**THE TASK**
Could you give the records below again exactly as they stand?

** Opening INPUT RECORDS block **

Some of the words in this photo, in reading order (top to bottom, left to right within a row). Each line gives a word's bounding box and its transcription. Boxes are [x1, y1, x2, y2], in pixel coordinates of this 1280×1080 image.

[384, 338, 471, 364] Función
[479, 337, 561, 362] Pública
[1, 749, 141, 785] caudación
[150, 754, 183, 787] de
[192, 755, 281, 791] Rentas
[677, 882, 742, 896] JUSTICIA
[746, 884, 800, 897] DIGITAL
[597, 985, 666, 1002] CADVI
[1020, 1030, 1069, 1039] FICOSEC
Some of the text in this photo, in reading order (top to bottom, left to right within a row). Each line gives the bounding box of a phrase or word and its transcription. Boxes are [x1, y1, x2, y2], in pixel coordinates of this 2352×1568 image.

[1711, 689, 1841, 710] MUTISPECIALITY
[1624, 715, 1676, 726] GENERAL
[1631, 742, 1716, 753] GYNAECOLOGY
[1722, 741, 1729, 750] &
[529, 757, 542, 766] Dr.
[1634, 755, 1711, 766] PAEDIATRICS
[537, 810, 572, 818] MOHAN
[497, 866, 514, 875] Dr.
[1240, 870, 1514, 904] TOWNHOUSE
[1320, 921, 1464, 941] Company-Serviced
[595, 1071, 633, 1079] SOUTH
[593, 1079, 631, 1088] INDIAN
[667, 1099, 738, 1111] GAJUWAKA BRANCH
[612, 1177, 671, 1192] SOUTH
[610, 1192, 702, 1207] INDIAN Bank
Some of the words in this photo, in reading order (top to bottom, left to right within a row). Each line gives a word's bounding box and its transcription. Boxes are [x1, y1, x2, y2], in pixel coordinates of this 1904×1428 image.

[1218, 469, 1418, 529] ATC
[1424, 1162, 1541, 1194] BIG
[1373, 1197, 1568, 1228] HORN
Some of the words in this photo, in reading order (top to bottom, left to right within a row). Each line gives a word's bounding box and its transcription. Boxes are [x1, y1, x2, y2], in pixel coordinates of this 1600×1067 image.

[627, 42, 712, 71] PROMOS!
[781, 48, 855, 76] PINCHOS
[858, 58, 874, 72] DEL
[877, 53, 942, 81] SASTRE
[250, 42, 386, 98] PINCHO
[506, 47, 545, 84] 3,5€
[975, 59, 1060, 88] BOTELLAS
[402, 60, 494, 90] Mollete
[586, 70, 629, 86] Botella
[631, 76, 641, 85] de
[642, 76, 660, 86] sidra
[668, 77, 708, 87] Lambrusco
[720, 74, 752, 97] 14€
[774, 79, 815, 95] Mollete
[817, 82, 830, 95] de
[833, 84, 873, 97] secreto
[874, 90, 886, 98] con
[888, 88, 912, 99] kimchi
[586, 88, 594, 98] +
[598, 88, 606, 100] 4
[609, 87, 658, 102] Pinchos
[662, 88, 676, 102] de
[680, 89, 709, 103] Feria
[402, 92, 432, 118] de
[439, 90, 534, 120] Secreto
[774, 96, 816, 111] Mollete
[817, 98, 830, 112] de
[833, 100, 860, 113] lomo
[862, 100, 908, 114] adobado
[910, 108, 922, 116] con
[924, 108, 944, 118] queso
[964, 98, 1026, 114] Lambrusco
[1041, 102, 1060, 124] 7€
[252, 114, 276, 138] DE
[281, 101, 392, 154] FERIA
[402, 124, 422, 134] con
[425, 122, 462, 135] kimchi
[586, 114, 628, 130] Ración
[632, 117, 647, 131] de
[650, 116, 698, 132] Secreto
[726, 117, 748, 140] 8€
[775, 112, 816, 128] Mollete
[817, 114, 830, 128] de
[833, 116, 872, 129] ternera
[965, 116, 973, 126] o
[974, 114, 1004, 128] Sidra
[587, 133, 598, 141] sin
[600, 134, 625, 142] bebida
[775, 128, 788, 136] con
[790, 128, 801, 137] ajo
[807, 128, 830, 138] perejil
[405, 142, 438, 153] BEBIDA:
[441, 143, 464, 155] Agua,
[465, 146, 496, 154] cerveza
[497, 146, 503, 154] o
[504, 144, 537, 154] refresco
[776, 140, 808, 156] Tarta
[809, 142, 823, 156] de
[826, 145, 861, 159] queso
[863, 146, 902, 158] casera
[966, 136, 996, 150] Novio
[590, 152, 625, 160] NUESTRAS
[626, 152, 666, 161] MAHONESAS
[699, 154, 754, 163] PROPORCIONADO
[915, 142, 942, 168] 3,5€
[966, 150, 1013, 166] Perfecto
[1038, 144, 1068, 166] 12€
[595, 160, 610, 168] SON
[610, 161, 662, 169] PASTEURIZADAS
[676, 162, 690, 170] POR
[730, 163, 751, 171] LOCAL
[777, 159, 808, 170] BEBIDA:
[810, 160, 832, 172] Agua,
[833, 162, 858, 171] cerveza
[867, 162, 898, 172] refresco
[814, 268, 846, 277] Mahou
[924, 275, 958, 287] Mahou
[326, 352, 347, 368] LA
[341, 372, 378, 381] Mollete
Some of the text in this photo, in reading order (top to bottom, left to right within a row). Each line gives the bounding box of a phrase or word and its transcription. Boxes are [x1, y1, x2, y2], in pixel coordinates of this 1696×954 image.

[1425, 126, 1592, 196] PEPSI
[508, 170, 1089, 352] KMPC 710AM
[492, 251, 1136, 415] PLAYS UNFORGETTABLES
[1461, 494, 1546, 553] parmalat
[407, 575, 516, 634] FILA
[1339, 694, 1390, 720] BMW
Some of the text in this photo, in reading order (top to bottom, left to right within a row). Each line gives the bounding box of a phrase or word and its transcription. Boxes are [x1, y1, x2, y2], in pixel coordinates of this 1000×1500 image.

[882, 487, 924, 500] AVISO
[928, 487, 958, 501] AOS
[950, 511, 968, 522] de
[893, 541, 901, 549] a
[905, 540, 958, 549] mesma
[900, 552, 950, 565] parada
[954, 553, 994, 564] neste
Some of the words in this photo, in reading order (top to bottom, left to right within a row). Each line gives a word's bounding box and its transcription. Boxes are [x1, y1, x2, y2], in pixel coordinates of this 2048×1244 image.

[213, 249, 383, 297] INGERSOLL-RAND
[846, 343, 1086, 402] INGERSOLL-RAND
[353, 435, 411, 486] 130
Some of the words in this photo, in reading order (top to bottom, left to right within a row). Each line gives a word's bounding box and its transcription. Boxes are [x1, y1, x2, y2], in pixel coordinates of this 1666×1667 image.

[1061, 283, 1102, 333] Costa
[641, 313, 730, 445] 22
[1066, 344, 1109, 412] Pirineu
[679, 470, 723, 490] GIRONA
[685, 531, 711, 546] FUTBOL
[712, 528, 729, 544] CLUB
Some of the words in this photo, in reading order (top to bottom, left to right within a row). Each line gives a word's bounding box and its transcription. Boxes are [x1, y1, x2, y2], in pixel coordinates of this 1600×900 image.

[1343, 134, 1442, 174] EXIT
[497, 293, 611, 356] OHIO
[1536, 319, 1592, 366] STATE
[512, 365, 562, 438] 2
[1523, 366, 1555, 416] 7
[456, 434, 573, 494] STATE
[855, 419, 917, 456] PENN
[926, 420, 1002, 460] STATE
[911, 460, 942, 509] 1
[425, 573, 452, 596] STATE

** Closing INPUT RECORDS block **

**FINISHED TASK**
Some of the words in this photo, in reading order (top to bottom, left to right within a row). Each line gives a word's bounding box and its transcription. Boxes are [x1, y1, x2, y2], in pixel coordinates of this 1280×1080 image.

[384, 338, 471, 364] Función
[479, 337, 561, 362] Pública
[1, 749, 141, 785] caudación
[150, 754, 183, 787] de
[192, 755, 281, 791] Rentas
[677, 882, 742, 896] JUSTICIA
[746, 884, 800, 897] DIGITAL
[597, 985, 666, 1002] CADVI
[1020, 1030, 1069, 1039] FICOSEC
Some of the text in this photo, in reading order (top to bottom, left to right within a row). Each line gives the bounding box of a phrase or word and its transcription. Boxes are [x1, y1, x2, y2], in pixel coordinates of this 2352×1568 image.

[1711, 689, 1841, 710] MUTISPECIALITY
[1624, 715, 1676, 726] GENERAL
[1631, 742, 1716, 753] GYNAECOLOGY
[1722, 741, 1729, 750] &
[529, 757, 542, 766] Dr.
[1634, 755, 1711, 766] PAEDIATRICS
[537, 810, 572, 818] MOHAN
[497, 866, 514, 875] Dr.
[1240, 870, 1514, 904] TOWNHOUSE
[1320, 921, 1464, 941] Company-Serviced
[595, 1071, 633, 1079] SOUTH
[593, 1079, 631, 1088] INDIAN
[667, 1099, 738, 1111] GAJUWAKA BRANCH
[612, 1177, 671, 1192] SOUTH
[610, 1192, 702, 1207] INDIAN Bank
Some of the words in this photo, in reading order (top to bottom, left to right within a row). Each line gives a word's bounding box and its transcription. Boxes are [x1, y1, x2, y2], in pixel coordinates of this 1904×1428 image.

[1218, 469, 1418, 529] ATC
[1424, 1162, 1541, 1194] BIG
[1373, 1197, 1568, 1228] HORN
Some of the words in this photo, in reading order (top to bottom, left to right within a row). Each line gives a word's bounding box and its transcription. Boxes are [x1, y1, x2, y2], in pixel coordinates of this 1600×1067 image.

[627, 42, 712, 71] PROMOS!
[781, 48, 855, 76] PINCHOS
[858, 58, 874, 72] DEL
[877, 53, 942, 81] SASTRE
[250, 42, 386, 98] PINCHO
[506, 47, 545, 84] 3,5€
[975, 59, 1060, 88] BOTELLAS
[402, 60, 494, 90] Mollete
[586, 70, 629, 86] Botella
[631, 76, 641, 85] de
[642, 76, 660, 86] sidra
[668, 77, 708, 87] Lambrusco
[720, 74, 752, 97] 14€
[774, 79, 815, 95] Mollete
[817, 82, 830, 95] de
[833, 84, 873, 97] secreto
[874, 90, 886, 98] con
[888, 88, 912, 99] kimchi
[586, 88, 594, 98] +
[598, 88, 606, 100] 4
[609, 87, 658, 102] Pinchos
[662, 88, 676, 102] de
[680, 89, 709, 103] Feria
[402, 92, 432, 118] de
[439, 90, 534, 120] Secreto
[774, 96, 816, 111] Mollete
[817, 98, 830, 112] de
[833, 100, 860, 113] lomo
[862, 100, 908, 114] adobado
[910, 108, 922, 116] con
[924, 108, 944, 118] queso
[964, 98, 1026, 114] Lambrusco
[1041, 102, 1060, 124] 7€
[252, 114, 276, 138] DE
[281, 101, 392, 154] FERIA
[402, 124, 422, 134] con
[425, 122, 462, 135] kimchi
[586, 114, 628, 130] Ración
[632, 117, 647, 131] de
[650, 116, 698, 132] Secreto
[726, 117, 748, 140] 8€
[775, 112, 816, 128] Mollete
[817, 114, 830, 128] de
[833, 116, 872, 129] ternera
[965, 116, 973, 126] o
[974, 114, 1004, 128] Sidra
[587, 133, 598, 141] sin
[600, 134, 625, 142] bebida
[775, 128, 788, 136] con
[790, 128, 801, 137] ajo
[807, 128, 830, 138] perejil
[405, 142, 438, 153] BEBIDA:
[441, 143, 464, 155] Agua,
[465, 146, 496, 154] cerveza
[497, 146, 503, 154] o
[504, 144, 537, 154] refresco
[776, 140, 808, 156] Tarta
[809, 142, 823, 156] de
[826, 145, 861, 159] queso
[863, 146, 902, 158] casera
[966, 136, 996, 150] Novio
[590, 152, 625, 160] NUESTRAS
[626, 152, 666, 161] MAHONESAS
[699, 154, 754, 163] PROPORCIONADO
[915, 142, 942, 168] 3,5€
[966, 150, 1013, 166] Perfecto
[1038, 144, 1068, 166] 12€
[595, 160, 610, 168] SON
[610, 161, 662, 169] PASTEURIZADAS
[676, 162, 690, 170] POR
[730, 163, 751, 171] LOCAL
[777, 159, 808, 170] BEBIDA:
[810, 160, 832, 172] Agua,
[833, 162, 858, 171] cerveza
[867, 162, 898, 172] refresco
[814, 268, 846, 277] Mahou
[924, 275, 958, 287] Mahou
[326, 352, 347, 368] LA
[341, 372, 378, 381] Mollete
Some of the text in this photo, in reading order (top to bottom, left to right within a row). Each line gives the bounding box of a phrase or word and its transcription. Boxes are [x1, y1, x2, y2], in pixel coordinates of this 1696×954 image.

[1425, 126, 1592, 196] PEPSI
[508, 170, 1089, 352] KMPC 710AM
[492, 251, 1136, 415] PLAYS UNFORGETTABLES
[1461, 494, 1546, 553] parmalat
[407, 575, 516, 634] FILA
[1339, 694, 1390, 720] BMW
Some of the text in this photo, in reading order (top to bottom, left to right within a row). Each line gives the bounding box of a phrase or word and its transcription. Boxes are [x1, y1, x2, y2], in pixel coordinates of this 1000×1500 image.

[882, 487, 924, 500] AVISO
[928, 487, 958, 501] AOS
[950, 511, 968, 522] de
[893, 541, 901, 549] a
[905, 540, 958, 549] mesma
[900, 552, 950, 565] parada
[954, 553, 994, 564] neste
Some of the words in this photo, in reading order (top to bottom, left to right within a row). Each line gives a word's bounding box and its transcription. Boxes are [x1, y1, x2, y2], in pixel coordinates of this 2048×1244 image.

[213, 249, 383, 297] INGERSOLL-RAND
[846, 343, 1086, 402] INGERSOLL-RAND
[353, 435, 411, 486] 130
Some of the words in this photo, in reading order (top to bottom, left to right within a row). Each line gives a word's bounding box and its transcription. Boxes are [x1, y1, x2, y2], in pixel coordinates of this 1666×1667 image.

[1061, 283, 1102, 333] Costa
[641, 313, 730, 445] 22
[1066, 344, 1109, 412] Pirineu
[679, 470, 723, 490] GIRONA
[685, 531, 711, 546] FUTBOL
[712, 528, 729, 544] CLUB
Some of the words in this photo, in reading order (top to bottom, left to right within a row). Each line gives a word's bounding box and its transcription. Boxes are [x1, y1, x2, y2], in pixel coordinates of this 1600×900 image.

[1343, 134, 1442, 174] EXIT
[497, 293, 611, 356] OHIO
[1536, 319, 1592, 366] STATE
[512, 365, 562, 438] 2
[1523, 366, 1555, 416] 7
[456, 434, 573, 494] STATE
[855, 419, 917, 456] PENN
[926, 420, 1002, 460] STATE
[911, 460, 942, 509] 1
[425, 573, 452, 596] STATE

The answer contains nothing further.